After Bert died, Till sold the farm to her 2nd son, Willie, my Grampa, William Walter Driggs. Matilda bought a little house in town (Cushing) on 7th street where she lived the remainder of her life. She died in April of 1963, at the grand old age of 90 years. Great-Grandma Matilda Driggs left her house in town to Aunt Tish, Uncle Claude's wife, because she said she knew that Tish wouldn't sell it. The house was later given to Marlin Driggs, their son. Uncle Claude bought a house across the street on the west side, near his mother. Some years later, my Grampa, later known as Bill Driggs, sold the family farm to a Mrs. Jeffries and he removed to Fallbrook, California, where he lived for number of years until his youngest son graduated from High School. Afterward, Bill retired and returned to live out his life in Cushing, Oklahoma.

Mrs. Jeffries later sold the property to a Mr. Glen Cates, who had also acquired Uncle Walter's 160 acre homestead north of his father's 80-acres and Bert's 80. Mr. Cates built a grand new home in view of the Cimarron river just south of the Dunkin Bridge on the east side of the river, near the site of Uncle Walter's original home. It sits high on the prairie hill above the dangers of flooding overlooking the Cimarron river and flood plain to the northwest.

When I was a very little girl, we moved to Oklahoma from California in the summer of 1959. At that time, my Father's cousin, Faye Driggs was renting the house from Mrs. Jeffries. Faye Driggs was Claude Driggs' daughter. I remember on one occasion, at least, Pappa drove us all out to the old house when Faye was living there. Along the way, he explained that it had belonged to his grandparents and told us many stories of his summers visiting his grandparents there. When we turned off the main road and started up the driveway for the first time, I was struck by the simplistic beauty of the little white two story house that stood at the top of the hill at the end of the drive. The drive was lined with ancient cedar trees that perfectly framed the view of the house from the county road. Pappa told us the trees were planted by his Grampa Driggs, William Albert Driggs ~"Bert". These trees stood like sentinels along the steep dirt grade up to the house. It was a beautiful place. The trees still stand; the road still leads up to where the old home once stood. All that remains today is part of the foundation and part of an outbuilding that was next to the house. Great Gramma's Lilac bushes & Bridal's Wreath shrubs still grow along the remains of the retaining wall and steps up to where the front door once welcomed visitors to their Oklahoma Homestead. Tree roots and the shifting ground have done their part as well to remove the last bits of evidence that their home once stood there. I see the Old Cedars as a living memorial to the once proud but humble farmer who long ago risked his life in a race for free land.

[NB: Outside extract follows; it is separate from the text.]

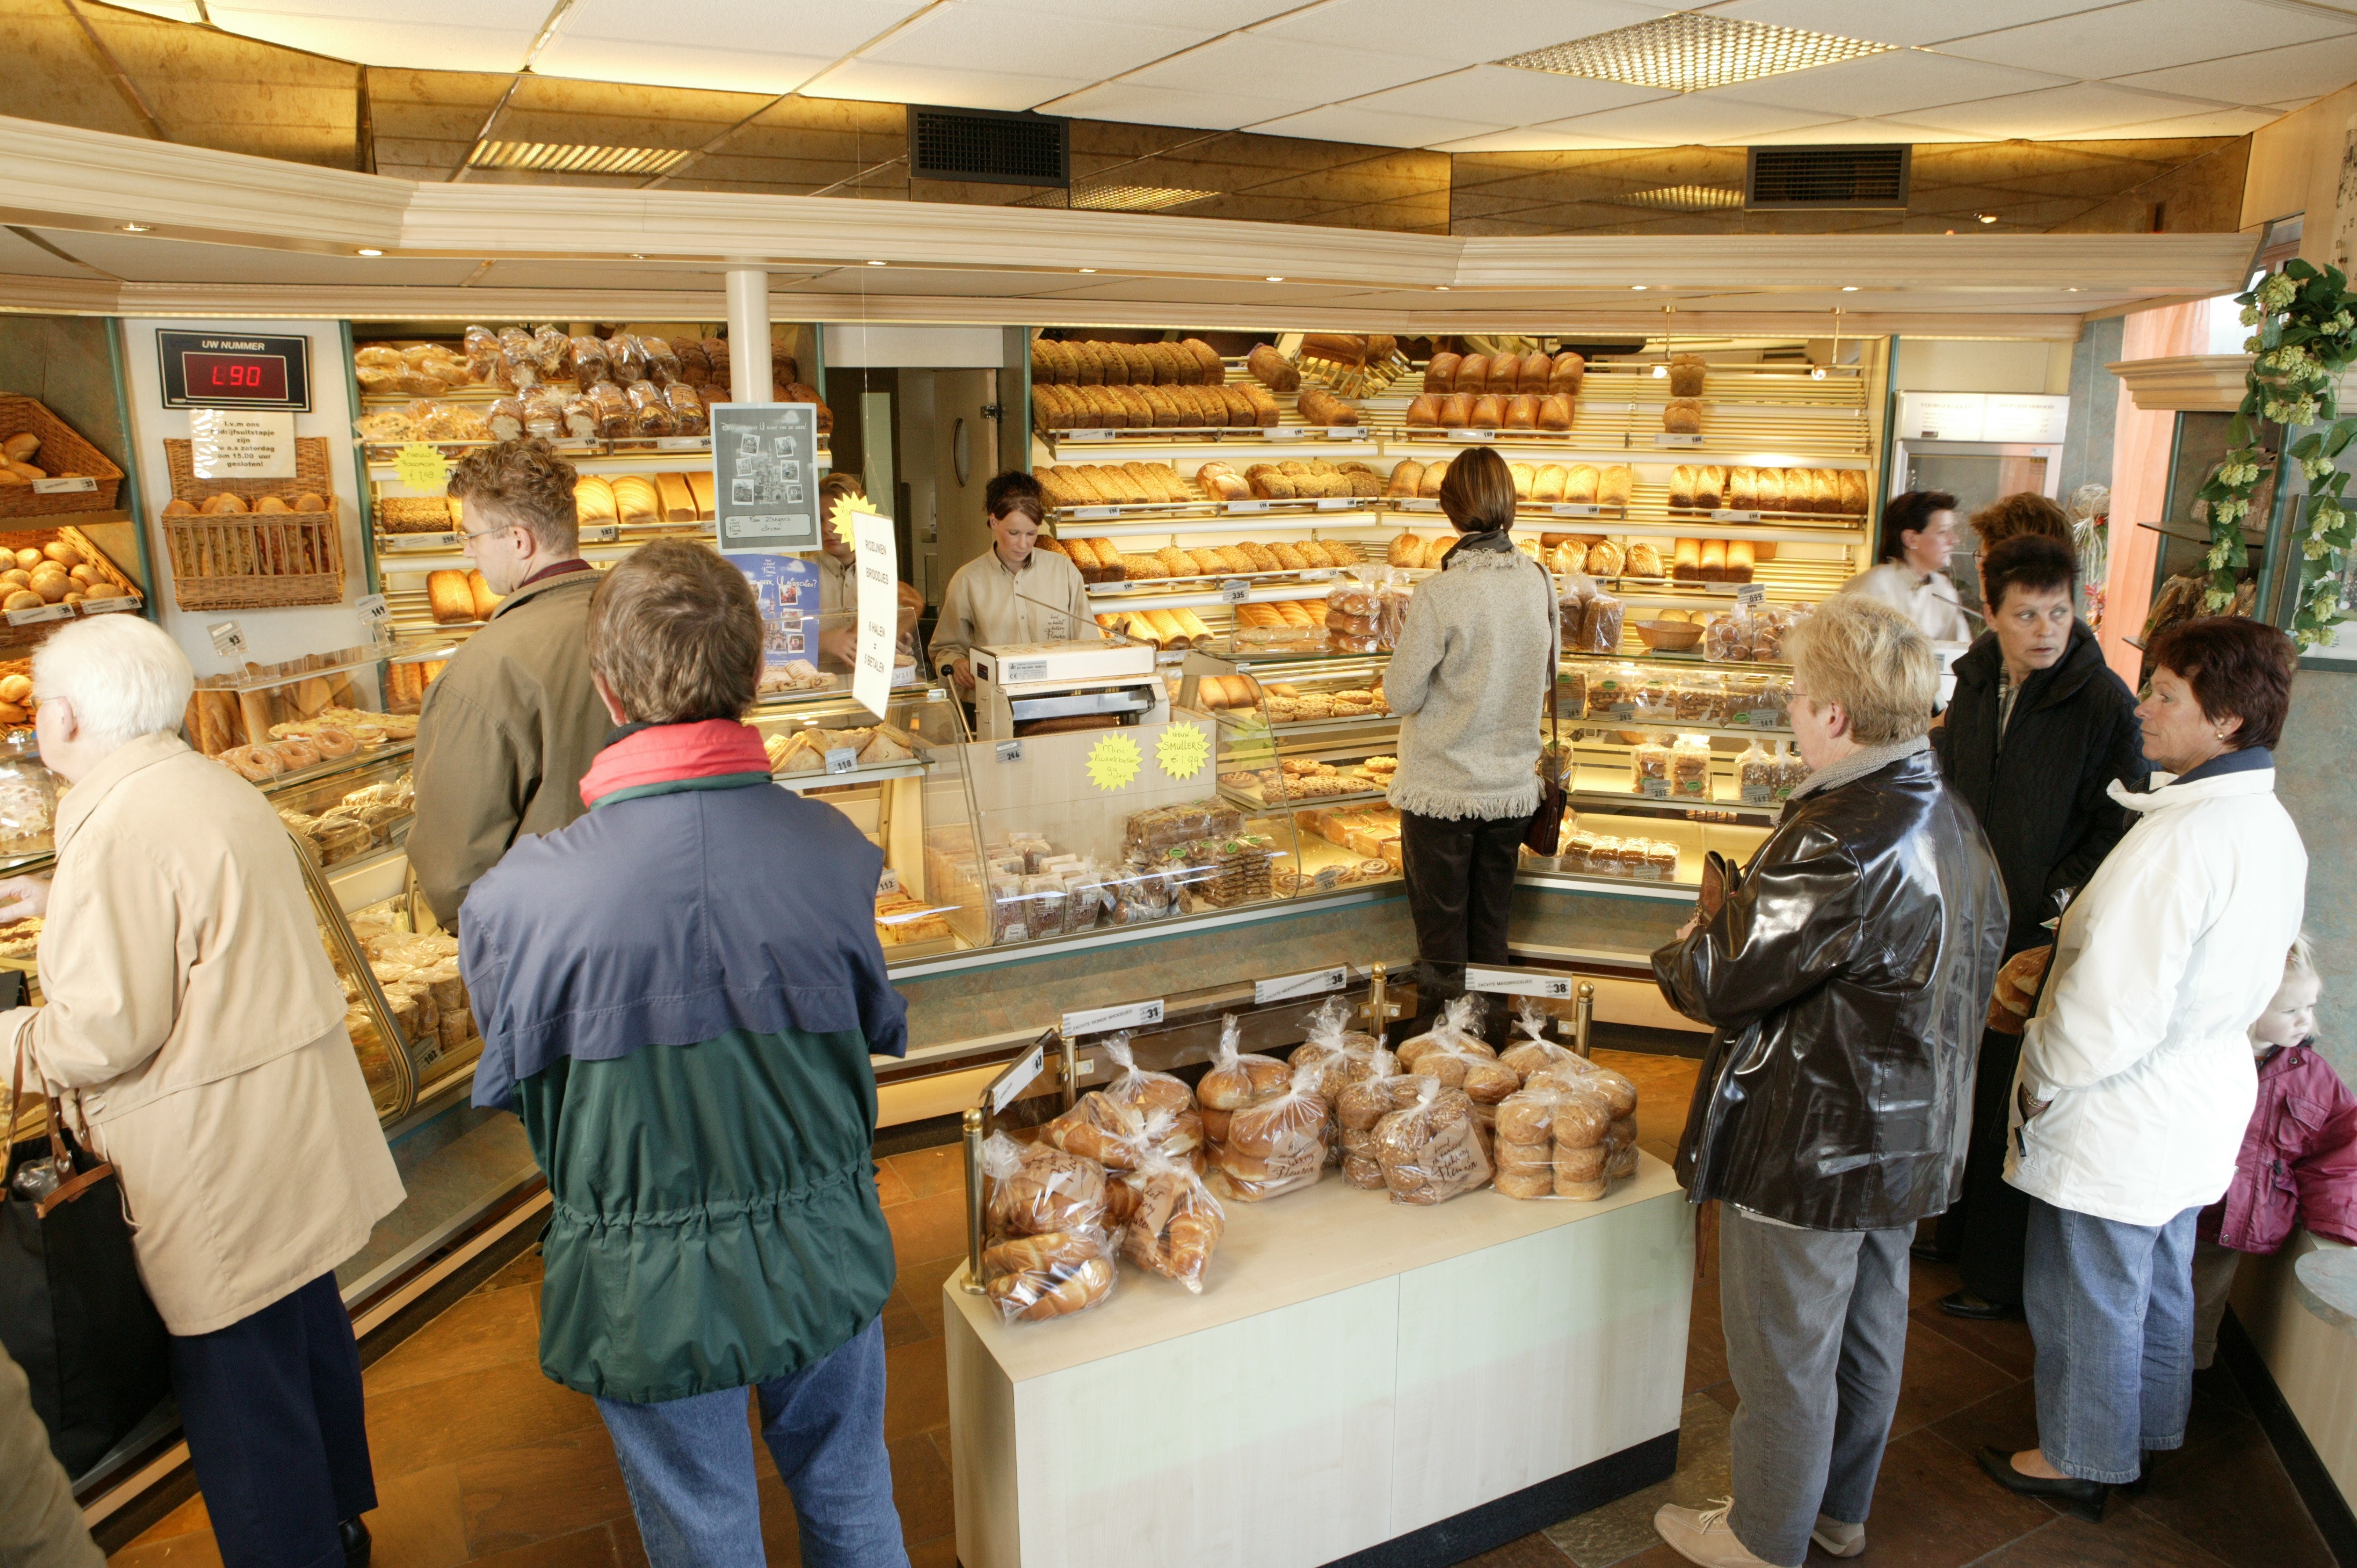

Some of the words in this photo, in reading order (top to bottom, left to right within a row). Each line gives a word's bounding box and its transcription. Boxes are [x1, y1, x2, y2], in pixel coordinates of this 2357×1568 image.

(<- Wild Multi-flora white roses - Great-Gramma's roses! )
 

Bert and Matilda's beautiful little home would still be there today, had it not been destroyed in a fire in about 1979. Some people who were renting the house from Mrs. Jeffries at that time, were responsible for the fire. Evidently, the renters had not changed or cleaned the filter for the raw gas lines coming into the house, and the liquid collected in the house lines and caused an explosion and the little white house burned to the ground. Nothing remains but the concrete foundation and the steps up to where the front door had been. Some of great Gramma's Lilacs and Bridlewreath Spirea shrubs are still there and perhaps some of Great-Gramma's roses - tiny multi-floral clusters of white wild roses with yellow centers. Part of her old wash house that was built on the West side of the house was left standing, but I suppose it is gone now too.   

When my four children were small, Mr. Cates would allow us to go out to Great Grandpa Driggs' old home site every year to cut our Christmas tree.  (Multi-flora rosehips ->)
We would walk
 about the wooded hills and marvel at its beauty and I taught them about their Great-Great grandparents and their lives on that farm - stories of fond memories that my father had of days he spent as a child visiting his grandparents there. We dug some starts from Great Grandma's old lilac bushes. Part of her old "smoke house" was still standing the last time I was there and the remnants of their "cyclone" shelter which doubled as a root cellar for storing their fruits and vegetables through the winter. The last time we went there to cut a Christmas tree, as we walked back up the hill into the woods looking for just the right one, we came to a clearing that opened out onto a little meadow above the house. There was a little spring at the edge of the clearing, situated just at the edge of the hill where it immediately dropped away down into a thick stand of Black Jack Oak, Red Cedars and creek willows. I walked over to it for closer examination and found a little spring bubbling out of the outcropping of rocks and trickling over the embankment, where it flowed down the hill into the bigger creek far below. The creek at the bottom was the same one where Great-Grampa used to have to go to get their daily supply of water, hauling it back up the steep hill in barrels on the back of his wagon. And then I spied two little dark colored rocks laying on the red rock outcropping next to the little spring. The little rocks were blackish and almost volcanic looking and did not seem to belong there. I was curious about them so bent down to pick them up to get a better look at them. To my surprise, I discovered that they were very heavy. I surmised that they must contain iron, but where had they came from? There were no other rocks like it anywhere around there. The rocks from there North were red sandstone and from there South they were white or gray shale. A few years later I had a Geologist at OSU tell me that they were actually pieces of meteor...I had found 2 little pieces of a Falling Star! Truely, Great-Grampa's place had an strange enchantment to me and still does.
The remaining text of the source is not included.